#### EXERCISE DIRECTIONS
Go to the line that contains "Some of the words" in the listing below, then output it and every line after it exactly, omitting pictures.

#### GIVEN RECORDS

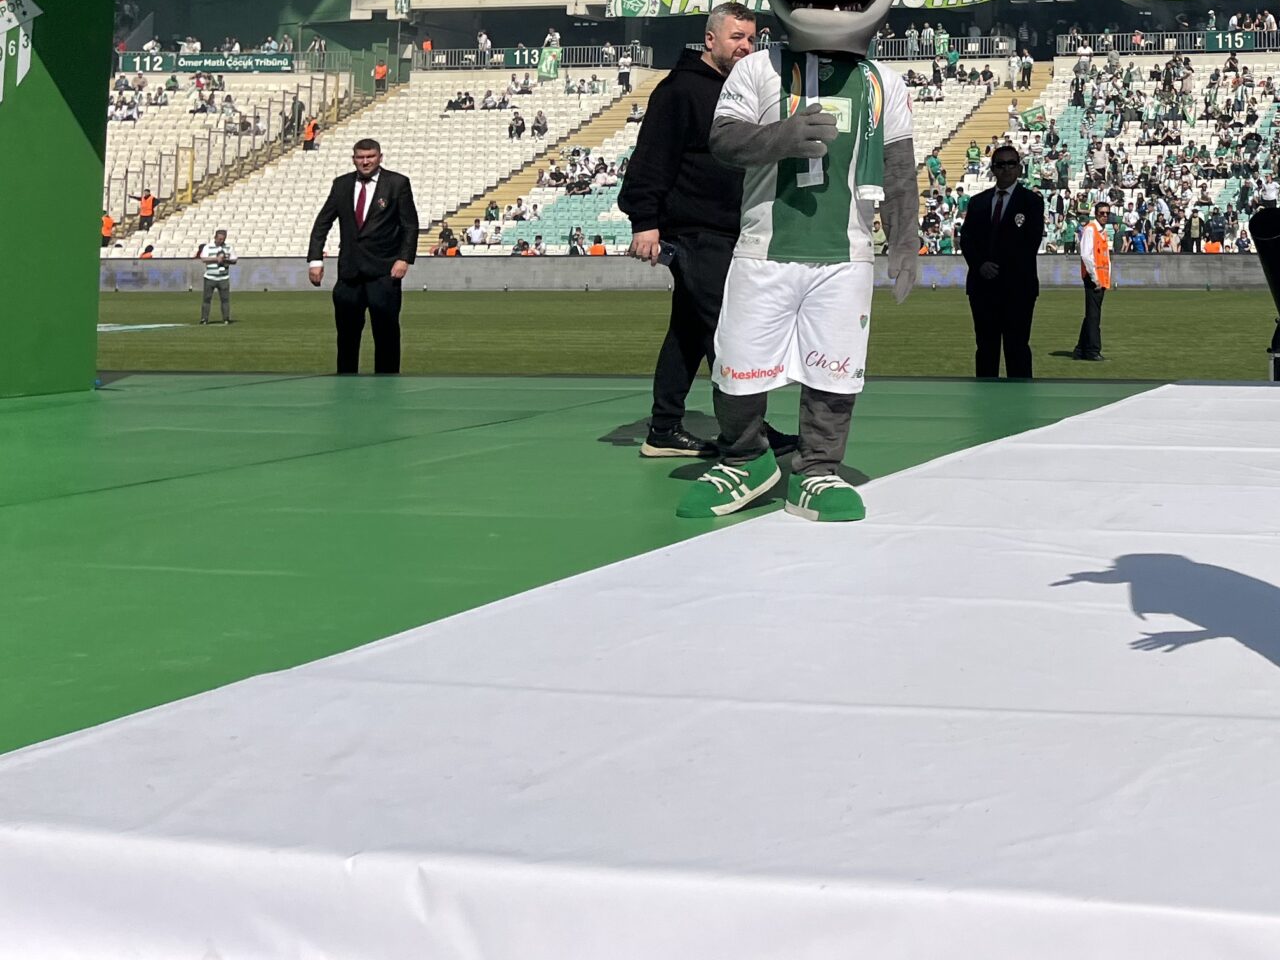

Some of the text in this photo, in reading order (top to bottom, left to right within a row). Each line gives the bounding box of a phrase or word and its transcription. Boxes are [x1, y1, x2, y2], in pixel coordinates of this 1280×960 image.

[1215, 31, 1244, 50] 115
[132, 55, 163, 72] 112
[178, 57, 202, 67] Ömer
[254, 57, 289, 67] Tribünü
[513, 49, 539, 65] 113
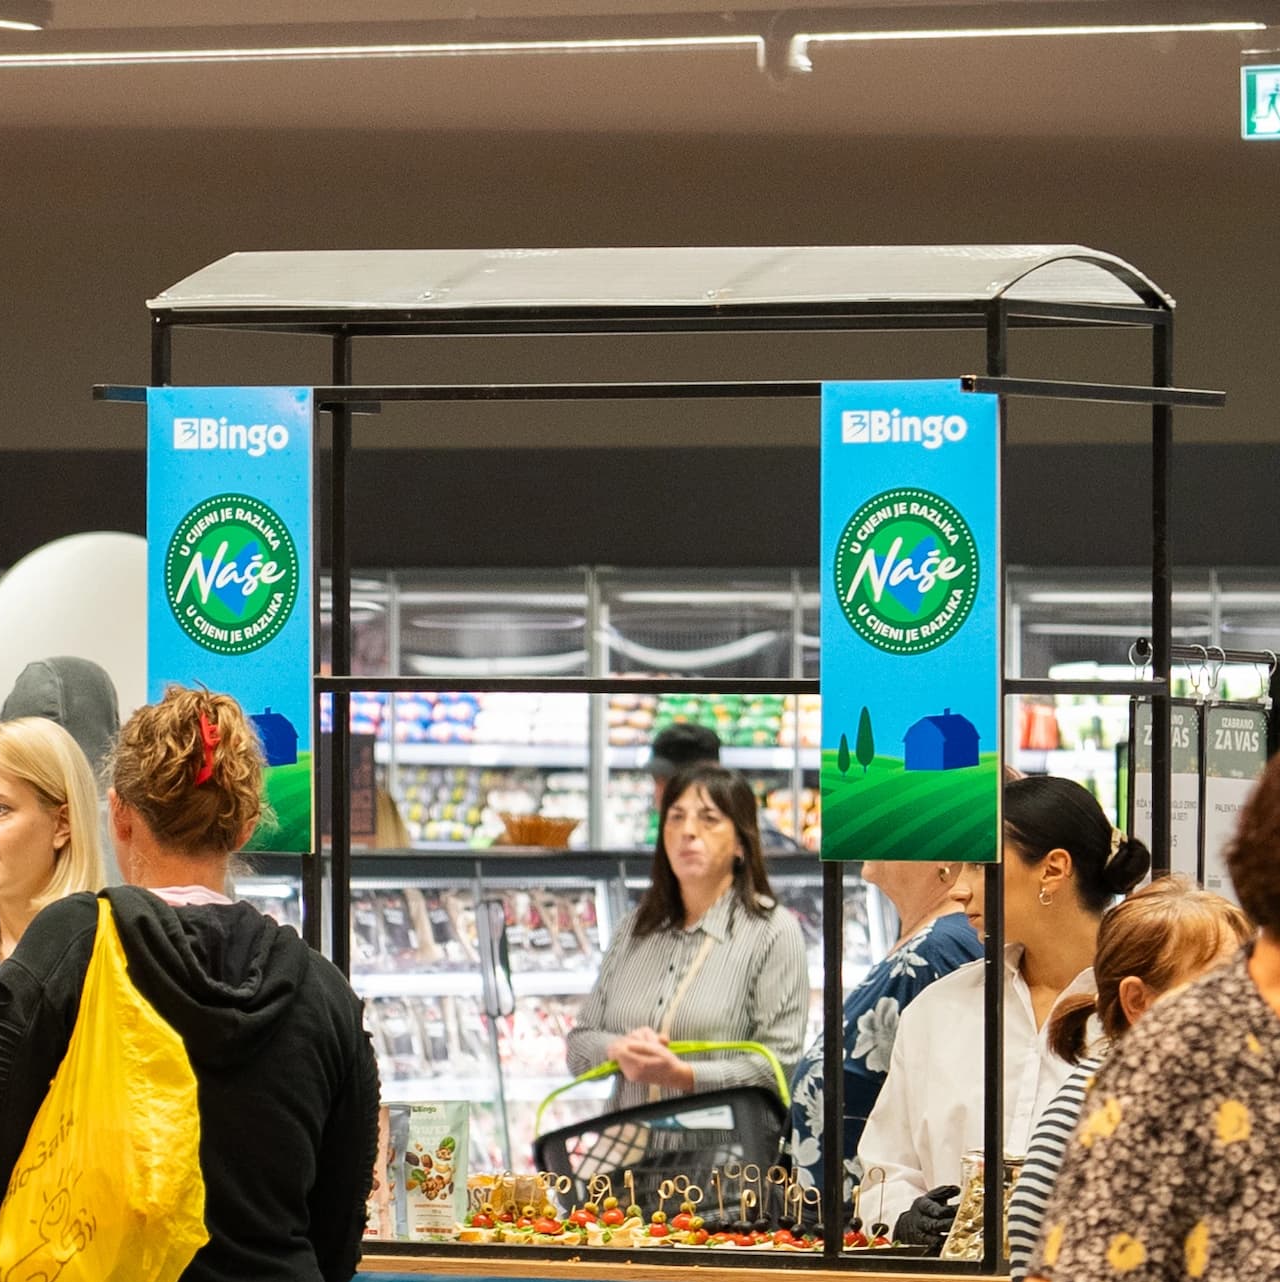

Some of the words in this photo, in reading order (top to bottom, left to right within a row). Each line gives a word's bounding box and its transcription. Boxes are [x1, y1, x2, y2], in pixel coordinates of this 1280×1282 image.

[199, 416, 289, 457] Bingo
[870, 408, 968, 450] Bingo
[179, 544, 191, 557] U
[186, 510, 219, 545] CIJENI
[220, 507, 233, 522] JE
[235, 508, 281, 551] RAZLIKA
[849, 541, 862, 555] U
[856, 505, 892, 541] CIJENI
[893, 502, 908, 518] JE
[909, 502, 959, 547] RAZLIKA
[175, 541, 286, 604] Naše
[845, 536, 966, 603] Naše
[185, 604, 199, 618] U
[193, 615, 228, 642] CIJENI
[230, 629, 242, 644] JE
[243, 592, 285, 640] RAZLIKA
[857, 603, 872, 617] U
[865, 613, 903, 642] CIJENI
[905, 628, 919, 644] JE
[920, 588, 964, 639] RAZLIKA
[1143, 725, 1153, 746] Z
[1214, 729, 1232, 750] ZA
[1235, 730, 1260, 752] VAS
[1221, 717, 1254, 729] IZABRANO
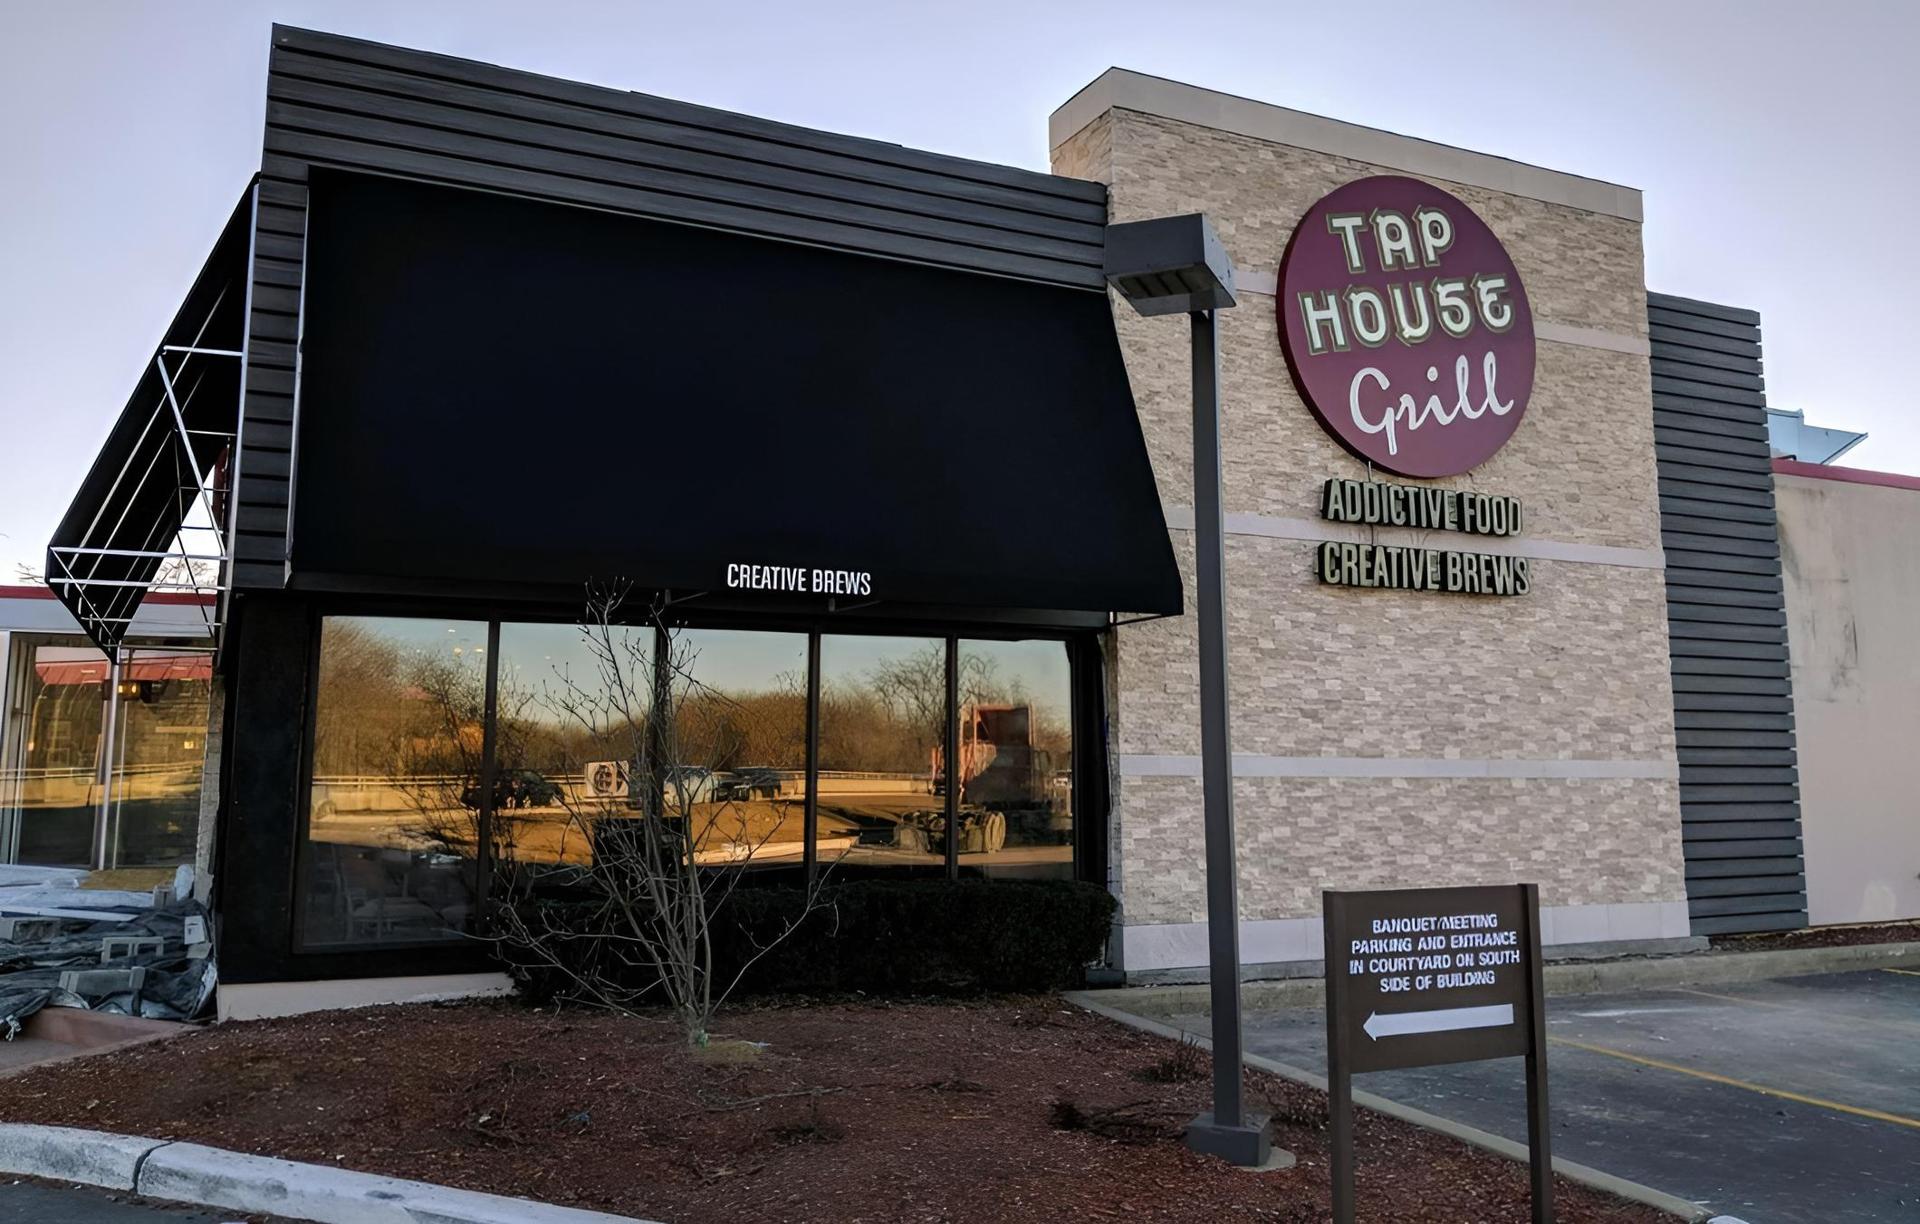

#### RESPONSE BOX
Some of the words in this photo, in reading order (top to bottom, left to right within a row). Each line gives a word's bounding box and its transcription. Boxes are [x1, y1, x2, y2], in pixel coordinates of this 1280×1282 image.

[199, 416, 289, 457] Bingo
[870, 408, 968, 450] Bingo
[179, 544, 191, 557] U
[186, 510, 219, 545] CIJENI
[220, 507, 233, 522] JE
[235, 508, 281, 551] RAZLIKA
[849, 541, 862, 555] U
[856, 505, 892, 541] CIJENI
[893, 502, 908, 518] JE
[909, 502, 959, 547] RAZLIKA
[175, 541, 286, 604] Naše
[845, 536, 966, 603] Naše
[185, 604, 199, 618] U
[193, 615, 228, 642] CIJENI
[230, 629, 242, 644] JE
[243, 592, 285, 640] RAZLIKA
[857, 603, 872, 617] U
[865, 613, 903, 642] CIJENI
[905, 628, 919, 644] JE
[920, 588, 964, 639] RAZLIKA
[1143, 725, 1153, 746] Z
[1214, 729, 1232, 750] ZA
[1235, 730, 1260, 752] VAS
[1221, 717, 1254, 729] IZABRANO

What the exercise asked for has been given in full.